What is expected =
In your reply, write out each entry exactly as given.

Dataset content =
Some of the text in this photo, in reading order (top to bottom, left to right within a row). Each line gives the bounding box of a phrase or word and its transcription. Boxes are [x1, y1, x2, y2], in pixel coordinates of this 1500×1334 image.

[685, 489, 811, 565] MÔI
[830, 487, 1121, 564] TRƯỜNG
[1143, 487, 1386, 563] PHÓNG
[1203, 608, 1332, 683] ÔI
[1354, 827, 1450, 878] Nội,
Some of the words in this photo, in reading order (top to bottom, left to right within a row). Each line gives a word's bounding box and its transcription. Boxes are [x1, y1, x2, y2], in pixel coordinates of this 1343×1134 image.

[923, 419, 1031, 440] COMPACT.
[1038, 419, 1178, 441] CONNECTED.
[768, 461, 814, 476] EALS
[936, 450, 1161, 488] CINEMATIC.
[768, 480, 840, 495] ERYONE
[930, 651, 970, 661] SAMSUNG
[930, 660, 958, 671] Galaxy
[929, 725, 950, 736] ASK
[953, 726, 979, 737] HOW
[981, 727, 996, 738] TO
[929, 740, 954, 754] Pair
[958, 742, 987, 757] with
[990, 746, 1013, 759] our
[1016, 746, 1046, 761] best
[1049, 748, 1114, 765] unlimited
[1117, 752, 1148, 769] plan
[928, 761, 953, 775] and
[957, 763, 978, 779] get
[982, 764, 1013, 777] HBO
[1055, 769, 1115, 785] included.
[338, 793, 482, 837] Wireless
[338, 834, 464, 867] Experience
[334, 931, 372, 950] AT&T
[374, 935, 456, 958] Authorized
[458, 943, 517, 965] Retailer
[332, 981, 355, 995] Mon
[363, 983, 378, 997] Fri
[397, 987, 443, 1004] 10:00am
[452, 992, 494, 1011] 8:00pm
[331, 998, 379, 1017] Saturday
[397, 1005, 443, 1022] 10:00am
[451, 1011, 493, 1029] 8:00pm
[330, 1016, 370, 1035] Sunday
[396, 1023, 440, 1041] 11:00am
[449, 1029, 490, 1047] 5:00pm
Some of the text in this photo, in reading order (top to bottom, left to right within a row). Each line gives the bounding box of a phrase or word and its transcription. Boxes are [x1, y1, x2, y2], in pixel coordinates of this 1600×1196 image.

Expected answer =
Some of the text in this photo, in reading order (top to bottom, left to right within a row). Each line gives the bounding box of a phrase or word and its transcription. Boxes are [x1, y1, x2, y2], in pixel coordinates of this 1500×1334 image.

[685, 489, 811, 565] MÔI
[830, 487, 1121, 564] TRƯỜNG
[1143, 487, 1386, 563] PHÓNG
[1203, 608, 1332, 683] ÔI
[1354, 827, 1450, 878] Nội,
Some of the words in this photo, in reading order (top to bottom, left to right within a row). Each line gives a word's bounding box and its transcription. Boxes are [x1, y1, x2, y2], in pixel coordinates of this 1343×1134 image.

[923, 419, 1031, 440] COMPACT.
[1038, 419, 1178, 441] CONNECTED.
[768, 461, 814, 476] EALS
[936, 450, 1161, 488] CINEMATIC.
[768, 480, 840, 495] ERYONE
[930, 651, 970, 661] SAMSUNG
[930, 660, 958, 671] Galaxy
[929, 725, 950, 736] ASK
[953, 726, 979, 737] HOW
[981, 727, 996, 738] TO
[929, 740, 954, 754] Pair
[958, 742, 987, 757] with
[990, 746, 1013, 759] our
[1016, 746, 1046, 761] best
[1049, 748, 1114, 765] unlimited
[1117, 752, 1148, 769] plan
[928, 761, 953, 775] and
[957, 763, 978, 779] get
[982, 764, 1013, 777] HBO
[1055, 769, 1115, 785] included.
[338, 793, 482, 837] Wireless
[338, 834, 464, 867] Experience
[334, 931, 372, 950] AT&T
[374, 935, 456, 958] Authorized
[458, 943, 517, 965] Retailer
[332, 981, 355, 995] Mon
[363, 983, 378, 997] Fri
[397, 987, 443, 1004] 10:00am
[452, 992, 494, 1011] 8:00pm
[331, 998, 379, 1017] Saturday
[397, 1005, 443, 1022] 10:00am
[451, 1011, 493, 1029] 8:00pm
[330, 1016, 370, 1035] Sunday
[396, 1023, 440, 1041] 11:00am
[449, 1029, 490, 1047] 5:00pm
Some of the text in this photo, in reading order (top to bottom, left to right within a row). Each line gives the bounding box of a phrase or word and its transcription. Boxes are [x1, y1, x2, y2], in pixel coordinates of this 1600×1196 image.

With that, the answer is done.